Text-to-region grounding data
┌────────

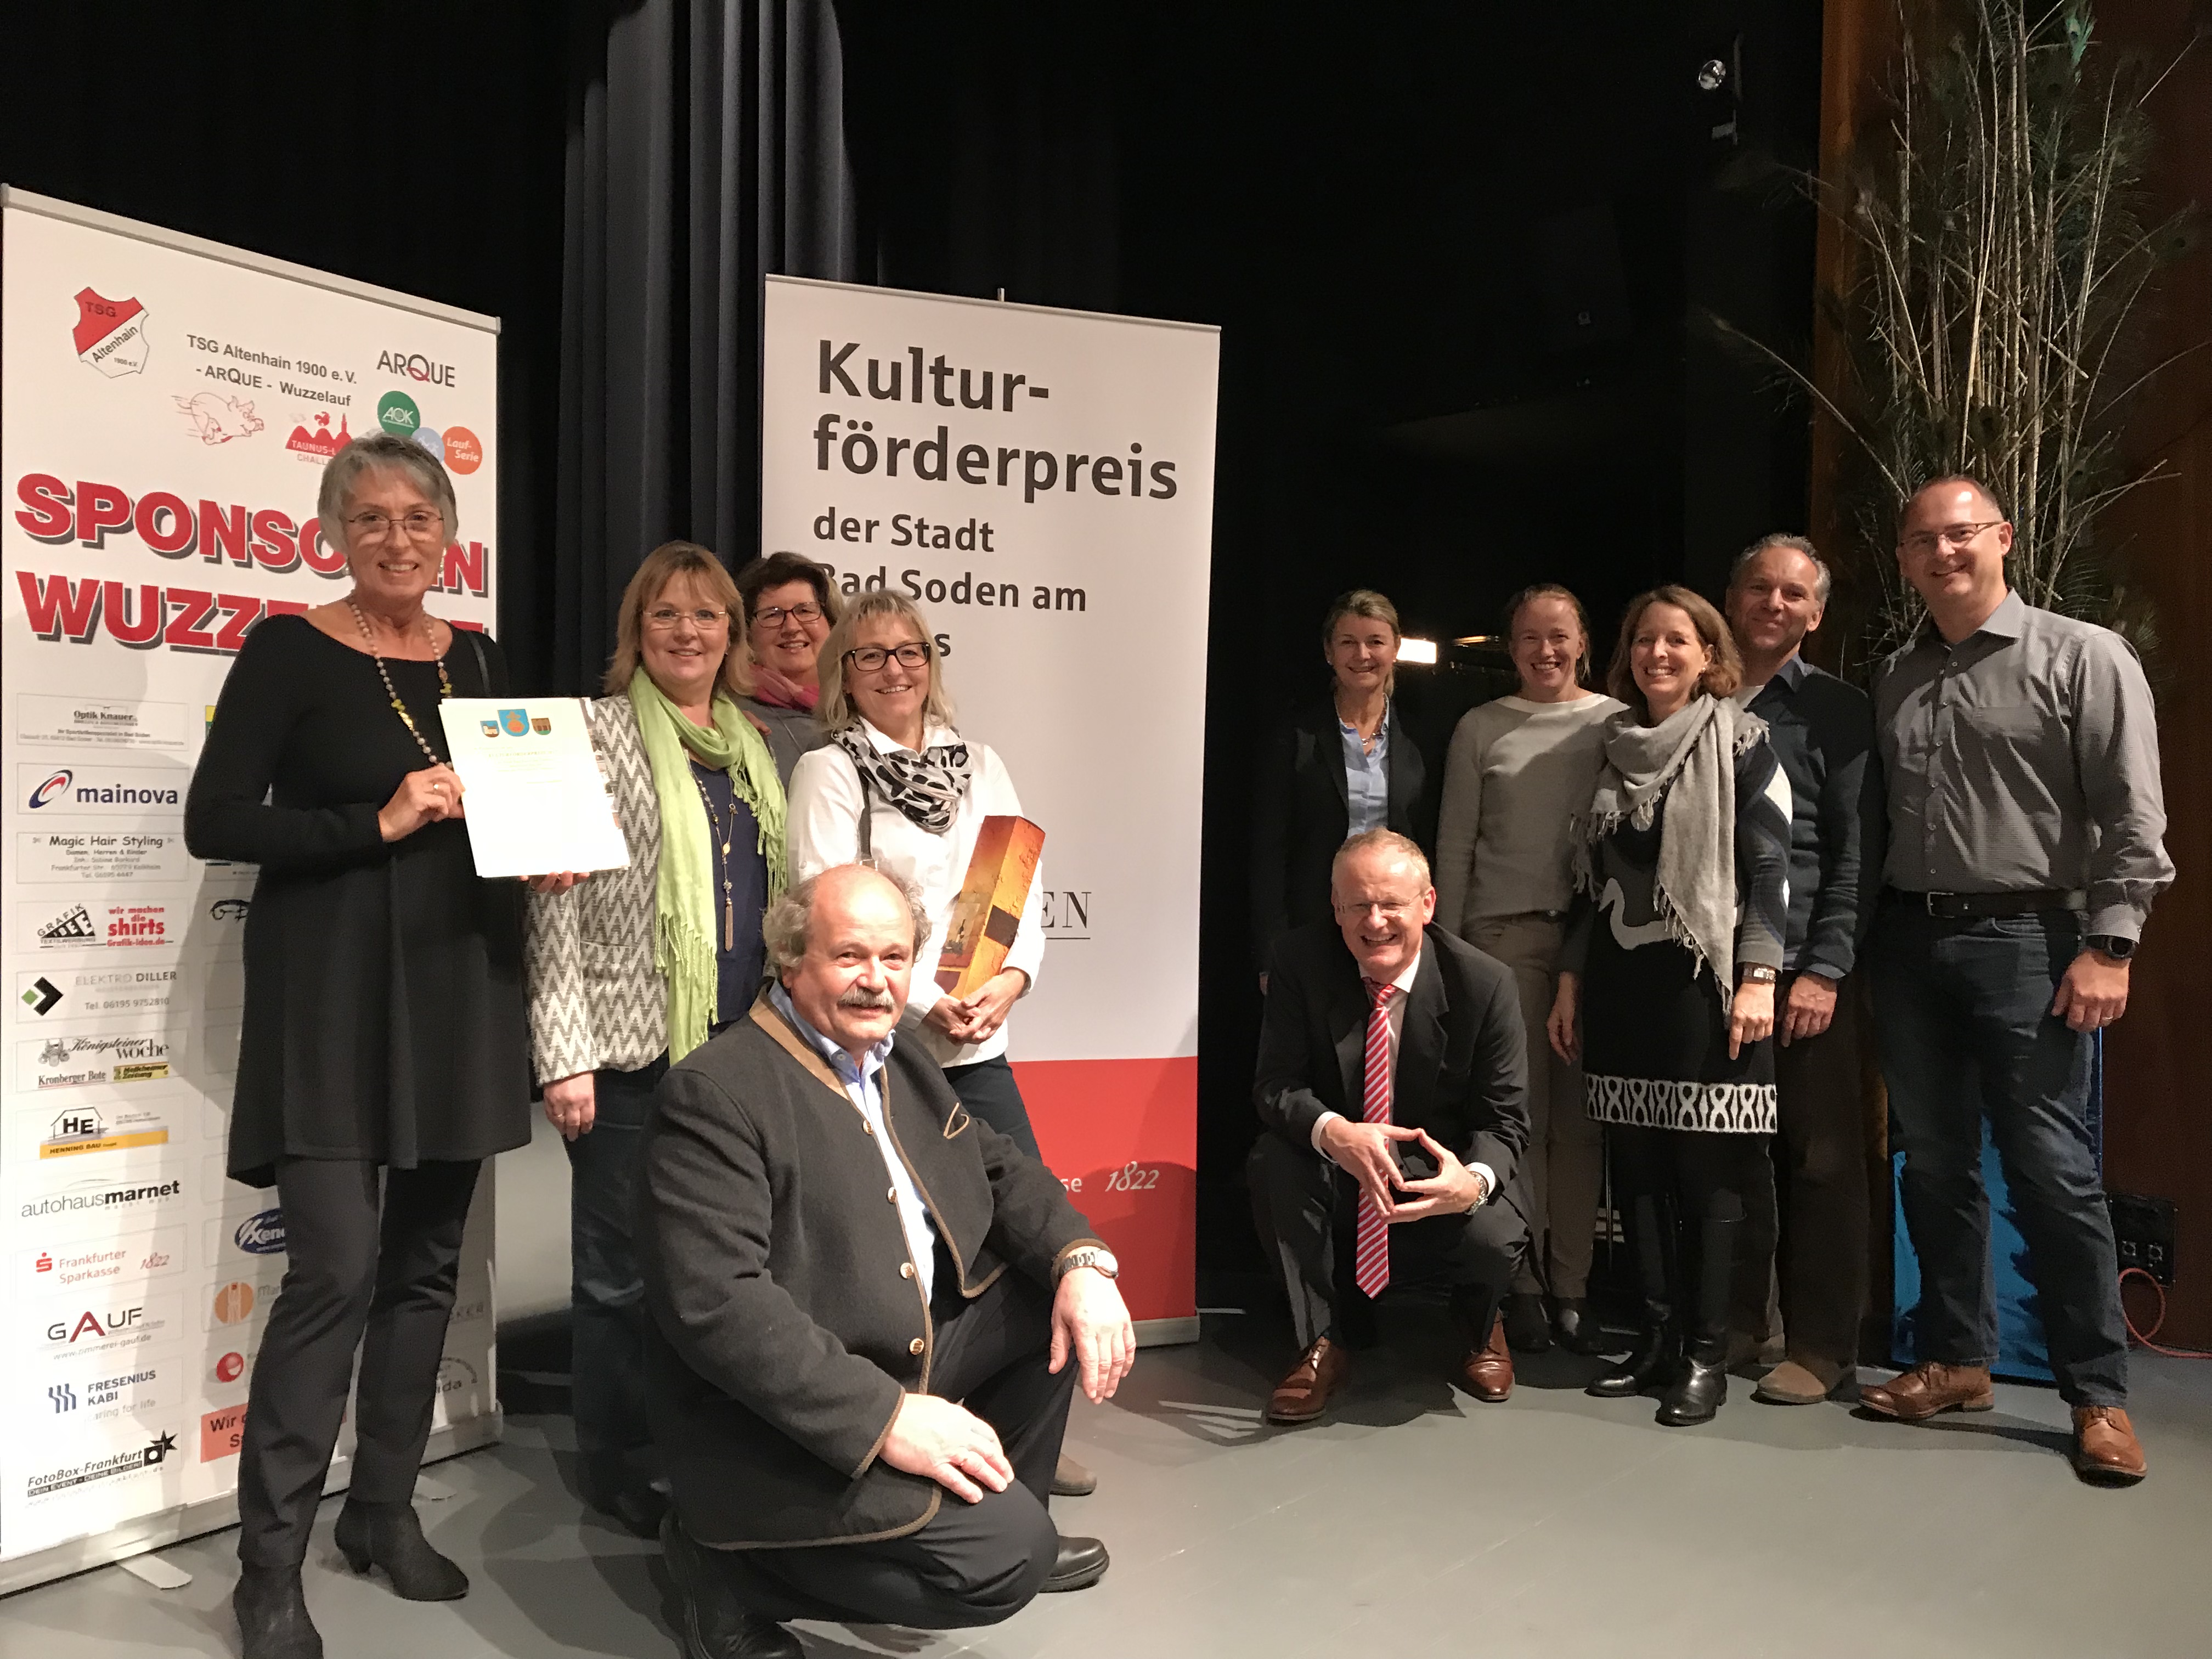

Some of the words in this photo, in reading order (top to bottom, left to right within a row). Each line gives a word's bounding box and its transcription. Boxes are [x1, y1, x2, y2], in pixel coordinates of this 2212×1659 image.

[86, 301, 117, 318] TSG
[92, 326, 138, 363] Altenhain
[187, 334, 219, 353] TSG
[223, 343, 291, 370] Altenhain
[296, 360, 328, 378] 1900
[376, 349, 455, 388] ARQUE
[819, 340, 1049, 413] Kultur-
[204, 365, 263, 389] ARQUE
[279, 381, 352, 407] Wuzzelauf
[382, 407, 414, 425] AOK
[447, 437, 472, 450] Lauf-
[454, 449, 479, 462] Serie
[813, 413, 1178, 504] förderpreis
[15, 473, 488, 598] SPONSON
[814, 506, 879, 544] der
[890, 514, 995, 552] Stadt
[901, 569, 1019, 608] Soden
[1032, 584, 1086, 612] am
[74, 710, 98, 719] Optik
[100, 712, 133, 720] Knauer
[76, 783, 178, 805] mainova
[49, 836, 85, 849] Magic
[90, 836, 117, 846] Hair
[122, 836, 163, 849] Styling
[108, 906, 125, 915] wir
[128, 905, 165, 913] machen
[37, 903, 84, 937] GRAFIK
[108, 918, 165, 936] shirts
[75, 973, 132, 986] ELEKTRO
[136, 970, 177, 983] DILLER
[103, 1000, 131, 1009] 06195
[133, 997, 170, 1007] 9752810
[68, 1037, 147, 1054] Königsteiner
[38, 1073, 86, 1086] Kronberger
[88, 1070, 106, 1081] Bote
[63, 1117, 94, 1135] HE
[49, 1144, 84, 1154] HENNING
[1104, 1160, 1160, 1192] 1822
[59, 1250, 127, 1268] Frankfurter
[140, 1251, 170, 1270] 1822
[59, 1266, 121, 1285] Sparkasse
[47, 1307, 143, 1344] GAUF
[87, 1369, 156, 1393] FRESENIUS
[87, 1391, 119, 1407] KABI
[122, 1404, 137, 1413] for
[139, 1398, 156, 1409] life
[210, 1415, 236, 1433] Wir
[28, 1449, 143, 1488] FotoBox-Frankfurt

└────────

TASK: Pull out every line of the entries that includes the word "Altenhain".

TASK ANSWER:
[92, 326, 138, 363] Altenhain
[223, 343, 291, 370] Altenhain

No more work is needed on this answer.